Give the data again exactly as written, without any of its pictures.

START Records provided

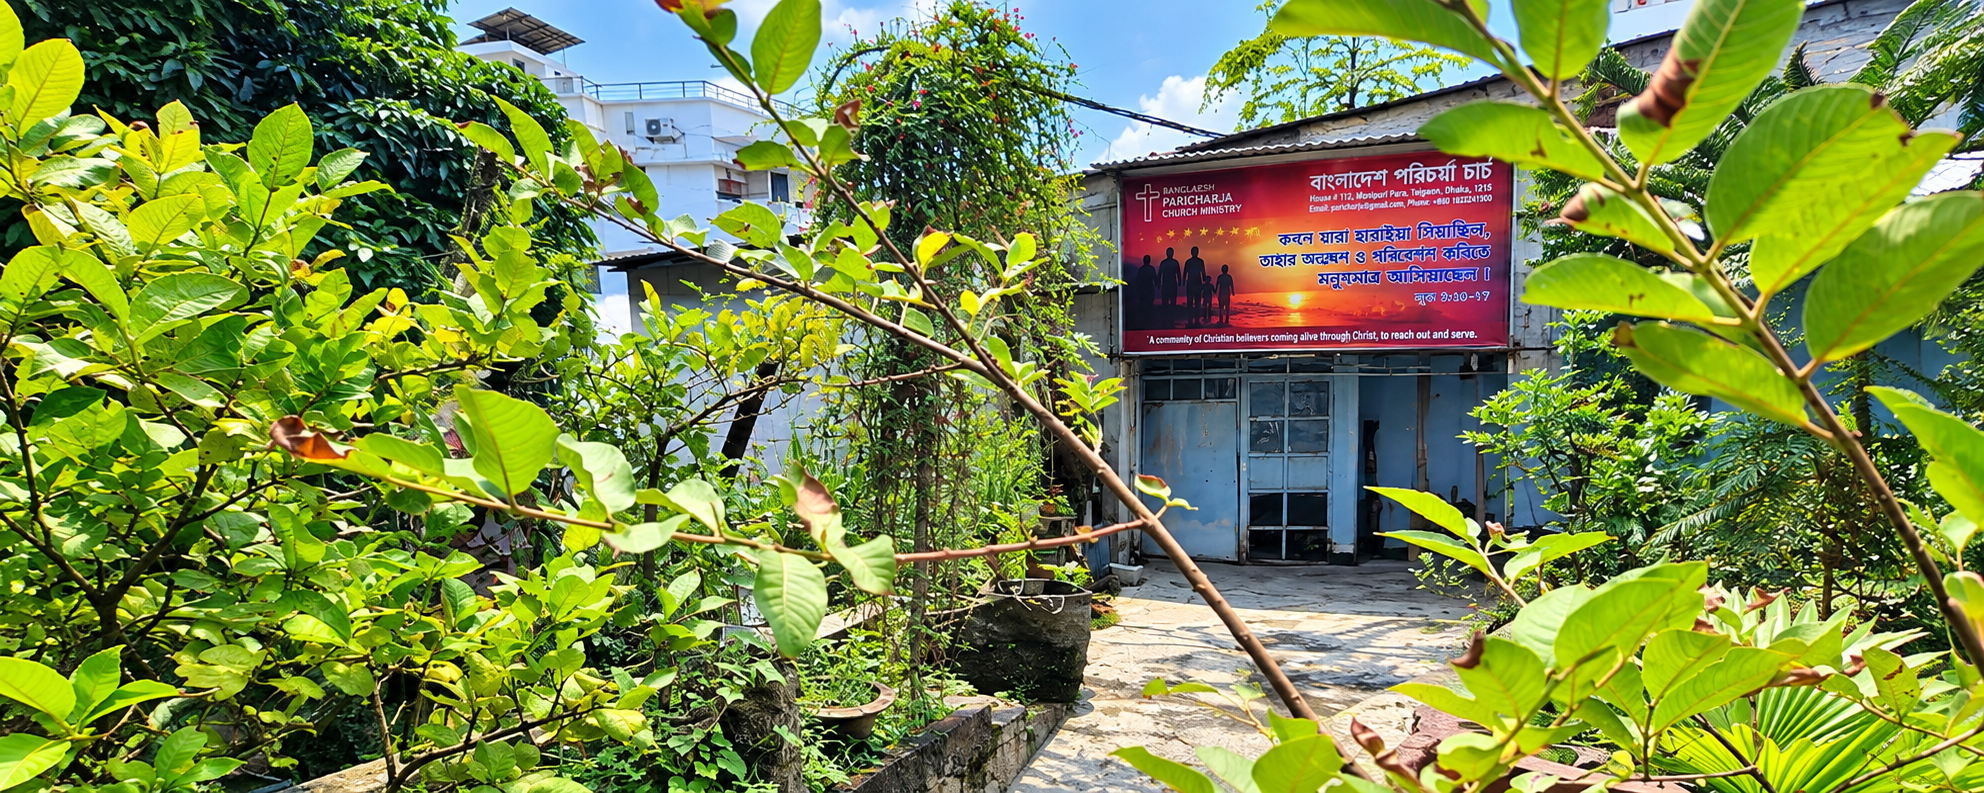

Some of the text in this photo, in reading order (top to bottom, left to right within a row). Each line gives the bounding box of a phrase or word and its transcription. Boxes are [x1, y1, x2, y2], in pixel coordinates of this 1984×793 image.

[1309, 168, 1388, 191] বাংলাদেশ
[1462, 156, 1493, 180] চার্চ
[1474, 183, 1493, 193] 1215
[1162, 192, 1233, 207] PARICHARJA
[1162, 204, 1242, 218] CHURCH MINISTRY
[1355, 250, 1366, 264] ও
[1194, 334, 1202, 343] of
[1203, 333, 1235, 343] Christian
[1270, 332, 1298, 343] coming
[1300, 331, 1319, 341] alive
[1320, 331, 1350, 343] through
[1352, 330, 1379, 342] Christ,
[1380, 330, 1389, 340] to
[1391, 329, 1412, 340] reach
[1416, 330, 1431, 339] out
[1432, 329, 1450, 339] and
[1451, 330, 1478, 339] serve.

END Records provided

Response to this task
Some of the text in this photo, in reading order (top to bottom, left to right within a row). Each line gives the bounding box of a phrase or word and its transcription. Boxes are [x1, y1, x2, y2], in pixel coordinates of this 1984×793 image.

[1309, 168, 1388, 191] বাংলাদেশ
[1462, 156, 1493, 180] চার্চ
[1474, 183, 1493, 193] 1215
[1162, 192, 1233, 207] PARICHARJA
[1162, 204, 1242, 218] CHURCH MINISTRY
[1355, 250, 1366, 264] ও
[1194, 334, 1202, 343] of
[1203, 333, 1235, 343] Christian
[1270, 332, 1298, 343] coming
[1300, 331, 1319, 341] alive
[1320, 331, 1350, 343] through
[1352, 330, 1379, 342] Christ,
[1380, 330, 1389, 340] to
[1391, 329, 1412, 340] reach
[1416, 330, 1431, 339] out
[1432, 329, 1450, 339] and
[1451, 330, 1478, 339] serve.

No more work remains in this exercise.